Exercise inputs:

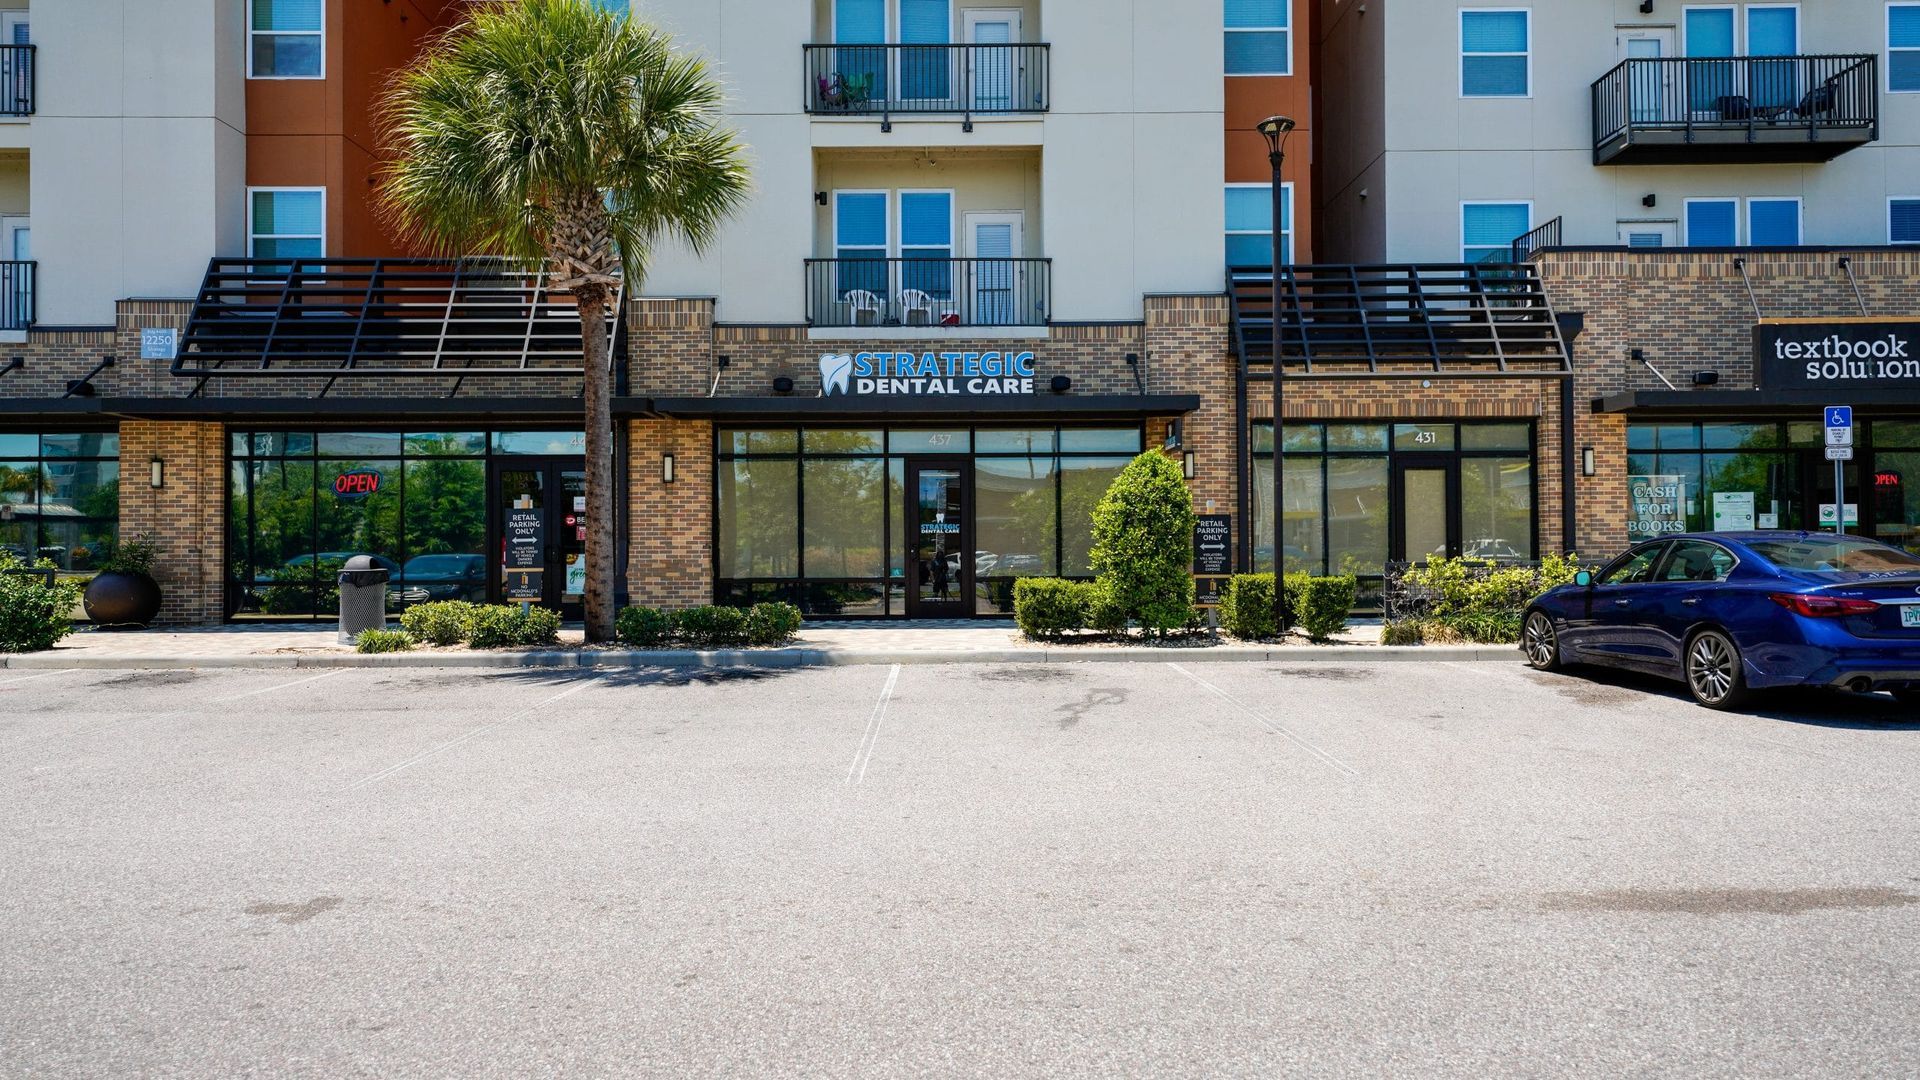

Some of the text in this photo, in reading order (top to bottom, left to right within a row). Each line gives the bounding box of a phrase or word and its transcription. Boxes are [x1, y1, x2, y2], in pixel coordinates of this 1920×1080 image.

[142, 335, 172, 345] 12250
[1774, 334, 1908, 359] textbook
[855, 351, 1035, 377] STRATEGIC
[857, 378, 1034, 394] DENTAL CARE
[929, 434, 952, 446] 437
[1415, 431, 1436, 443] 431
[335, 473, 379, 493] OPEN
[1633, 485, 1677, 498] CASH
[1637, 503, 1673, 515] FOR
[509, 520, 541, 528] PARKING
[1627, 520, 1685, 532] BOOKS

Goal of the exercise:
Please retype every entry above exactly, leaving out any picture.

Result:
Some of the text in this photo, in reading order (top to bottom, left to right within a row). Each line gives the bounding box of a phrase or word and its transcription. Boxes are [x1, y1, x2, y2], in pixel coordinates of this 1920×1080 image.

[142, 335, 172, 345] 12250
[1774, 334, 1908, 359] textbook
[855, 351, 1035, 377] STRATEGIC
[857, 378, 1034, 394] DENTAL CARE
[929, 434, 952, 446] 437
[1415, 431, 1436, 443] 431
[335, 473, 379, 493] OPEN
[1633, 485, 1677, 498] CASH
[1637, 503, 1673, 515] FOR
[509, 520, 541, 528] PARKING
[1627, 520, 1685, 532] BOOKS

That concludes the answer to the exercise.